I’ll be the first to admit things have vastly improved in the past 18 years. I’ve become more comfortable with the cards I’ve been dealt, and the technological and medicinal advances have made things a thousand times easier. Still, every year at this time, amidst all the commercials and halftime shows (oh, and football), I think of that hospital room and the half-size can of Diet Shasta, and I look at how my life has been changed by that Super Bowl weekend 18 years ago.

Oh, and Diet Shasta? The WORST diet drink I have ever tasted. I’m still wondering if that was some sort of test.

Endocrine Cowboy

You know how rednecks usually have that worn spot in their jeans from where their can of Skoal sits in the same pocket every day? No? Well here is a picture for those of you city folk unfamiliar with this phenomenon:

Pretty trashy, huh? Yeah, I thought so too, until I was looking through some pictures on Facebook recently and noticed that I have a similar outline in my jeans. Not from smokeless tobacco, or any other hip accessory…no, mine is from an insulin pump. Pretty sweet, huh?

So yeah. The chicks at the chronic disease rodeo are totally going to dig this.

P.S. Yes, I do realize the irony of mocking rednecks in the same post where there’s a picture of me holding a Budweiser thermometer and a giant fish-pillow. It was one of those white elephant gift exchanges, okay? This was actually one of the classier gifts.

Editor’s Note: This is probably the only time men’s asses will be featured in a post here. I hope.

Posted in “Missed Connections”

So I did something really stupid the other day. No, not writing “2009” instead of “2010”…that’s going to be a problem until at least March. Or that time that I responded to myself on Twitter. Granted, those were not my brightest moments, but they’re hardly worthy of a blog post.

Anyway, so we decided to go to a movie on New Year’s Eve (Sherlock Holmes…I recommend it, BTW). Since it was a 7:00 movie and we hadn’t eaten dinner, we just had a snack of cheese and crackers before we left, saving room for popcorn at the movies (the latter being a carb-counting challenge in itself, but not part of today’s blogging agenda). Back to the story. So we’re sitting about an hour into the movie, and I start to feel like someone had replaced my blood with corn syrup. I thought if anything, I had overestimated the dosage for the popcorn, so I couldn’t figure out why my blood sugar would be high. I pulled out my pump to take a quick glance at the CGM reading just to be sure. It was around 200mg/dl if I remember correctly. After placing the pump back in my pocket, I retrieved my meter from my wife’s purse (sure is nice to have someone to lug all of my supplies around!) to double check, as I was on day 7 of that sensor and it hadn’t been doing so well on the latest cycle. After fumbling for a minute in the darkness with the meter and auxilary lighting supply (a.k.a. iPhone), I got confirmation that something was off…309mg/dl off, to be exact. Reaching back into my pocket for the pump, I happened to brush past my infusion site, which felt smaller and sharp-edgier than usual. After a brief pat-down, I realized that there was an important component missing from the aforementioned infusion site…namely, the part with the tubing that supplies that lovely protein that we depend on. Well that makes sense. But when did it become disconnected? Oh, right. I changed pants a couple of hours ago.

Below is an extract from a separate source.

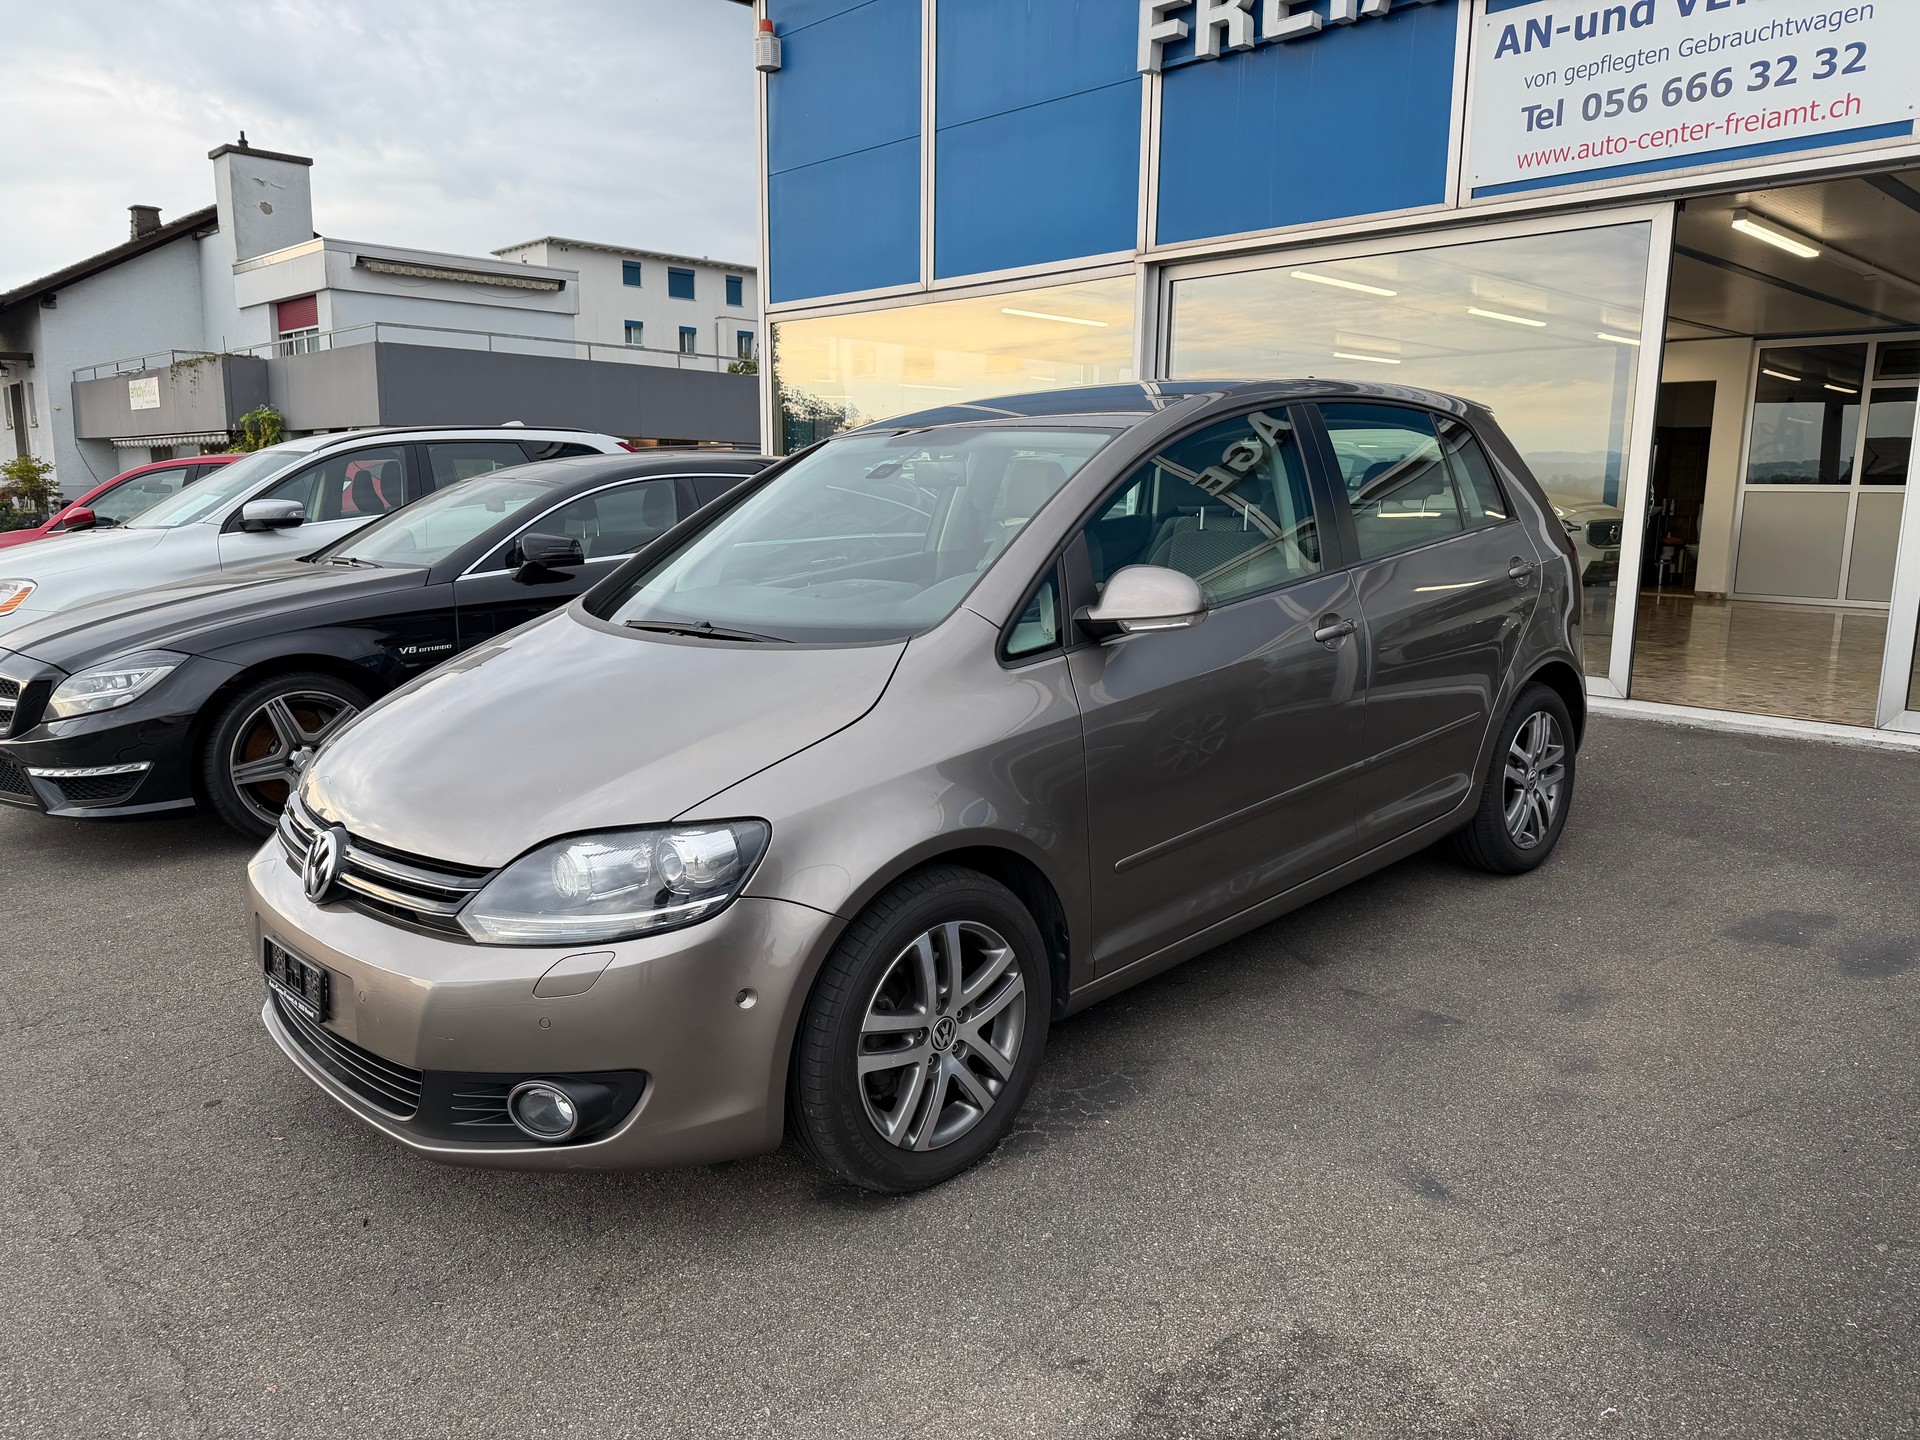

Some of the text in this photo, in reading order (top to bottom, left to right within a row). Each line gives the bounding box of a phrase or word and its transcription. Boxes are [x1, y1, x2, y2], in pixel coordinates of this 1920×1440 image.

You know, before we had cheese and crackers. And sweet, buttery popcorn. So it’s been a few hours since I’ve had ANY insulin. No basals, no bolus to cover either of my snacks, nothing. Now comes the hard part…figuring out how much to bolus to bring things back under control. Of course the pump didn’t want to give me anything, considering how much active insulin I had on board (nevermind that it had actively soaked itself into the fibers of my jeans), and I had no idea how much things were going to keep rising. The initial bolus brought things back into a more acceptable range, but it took a few follow-ups to get things just right. Not the end of the world, but still pretty frustrating that I forgot to do something so important.

Some things about diabetes are pretty tough to figure out, even after years of experience. On the other hand, making sure the insulin actually gets into your body, is quite elementary, my dear Thompson.